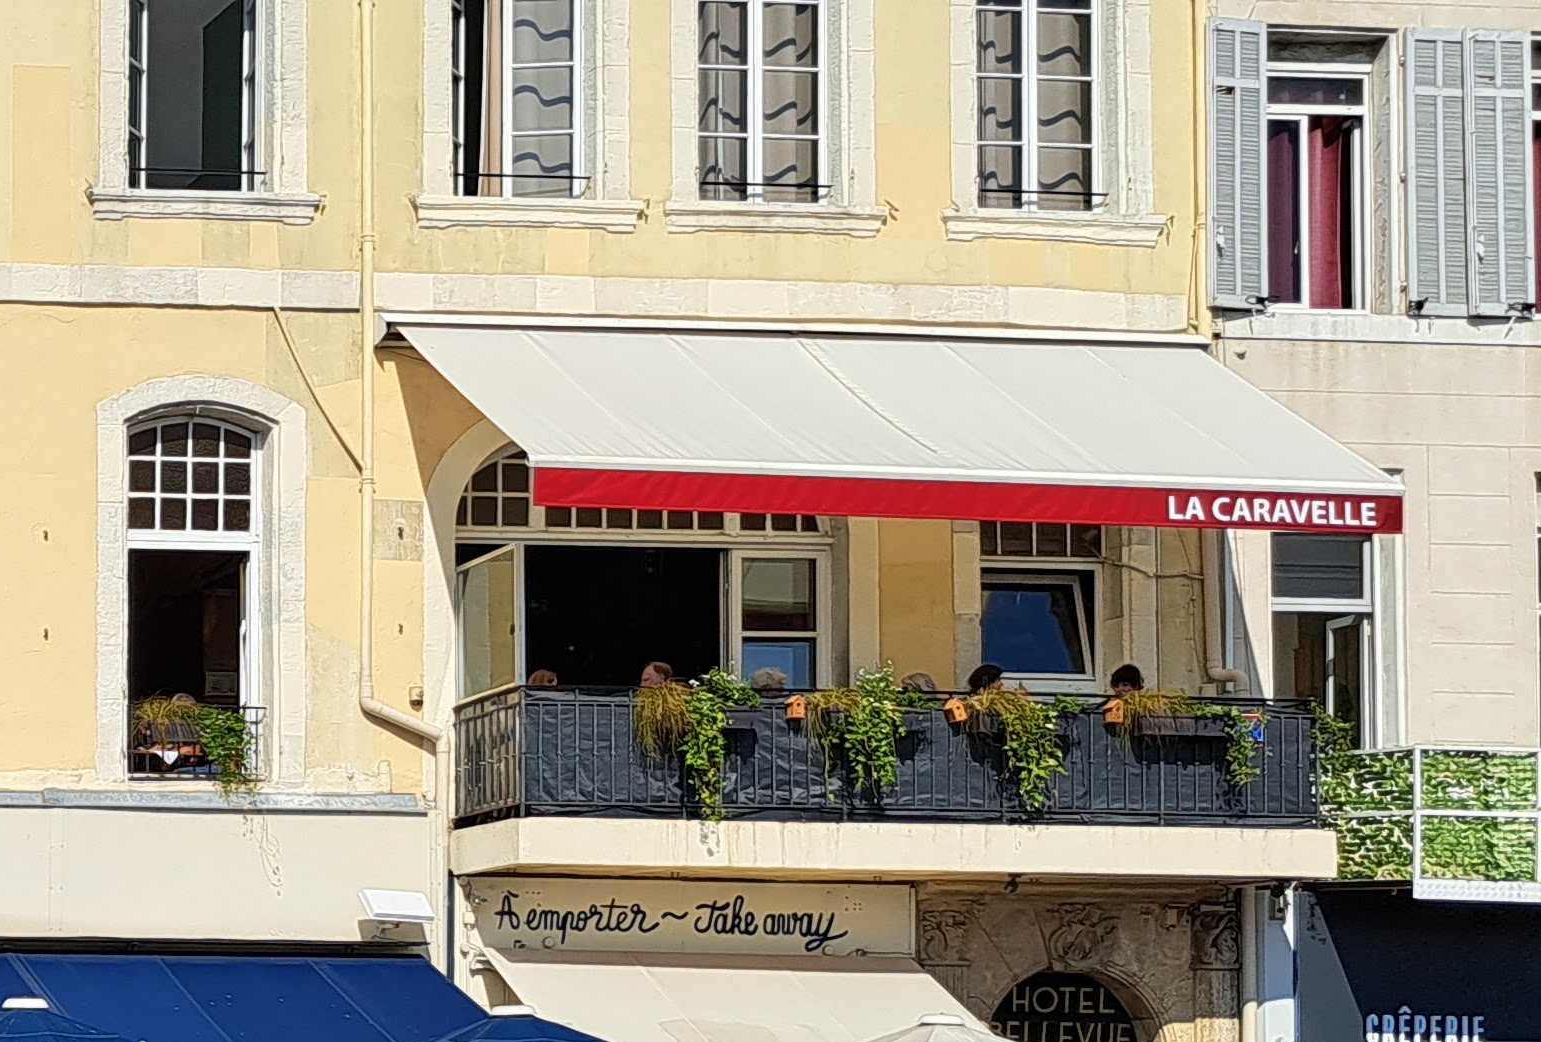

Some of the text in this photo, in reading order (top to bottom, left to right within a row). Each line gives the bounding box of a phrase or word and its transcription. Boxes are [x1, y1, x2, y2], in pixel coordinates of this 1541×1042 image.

[1168, 496, 1377, 527] LA CARAVELLE
[526, 898, 661, 945] emporter
[693, 895, 758, 936] Take
[762, 911, 849, 952] away
[1012, 986, 1116, 1015] HOTEL

--------------------------------------------------

» TASK
Each line above is to be repeated exactly as written; no picture is carried over.

» YOUR SOLUTION
Some of the text in this photo, in reading order (top to bottom, left to right within a row). Each line gives the bounding box of a phrase or word and its transcription. Boxes are [x1, y1, x2, y2], in pixel coordinates of this 1541×1042 image.

[1168, 496, 1377, 527] LA CARAVELLE
[526, 898, 661, 945] emporter
[693, 895, 758, 936] Take
[762, 911, 849, 952] away
[1012, 986, 1116, 1015] HOTEL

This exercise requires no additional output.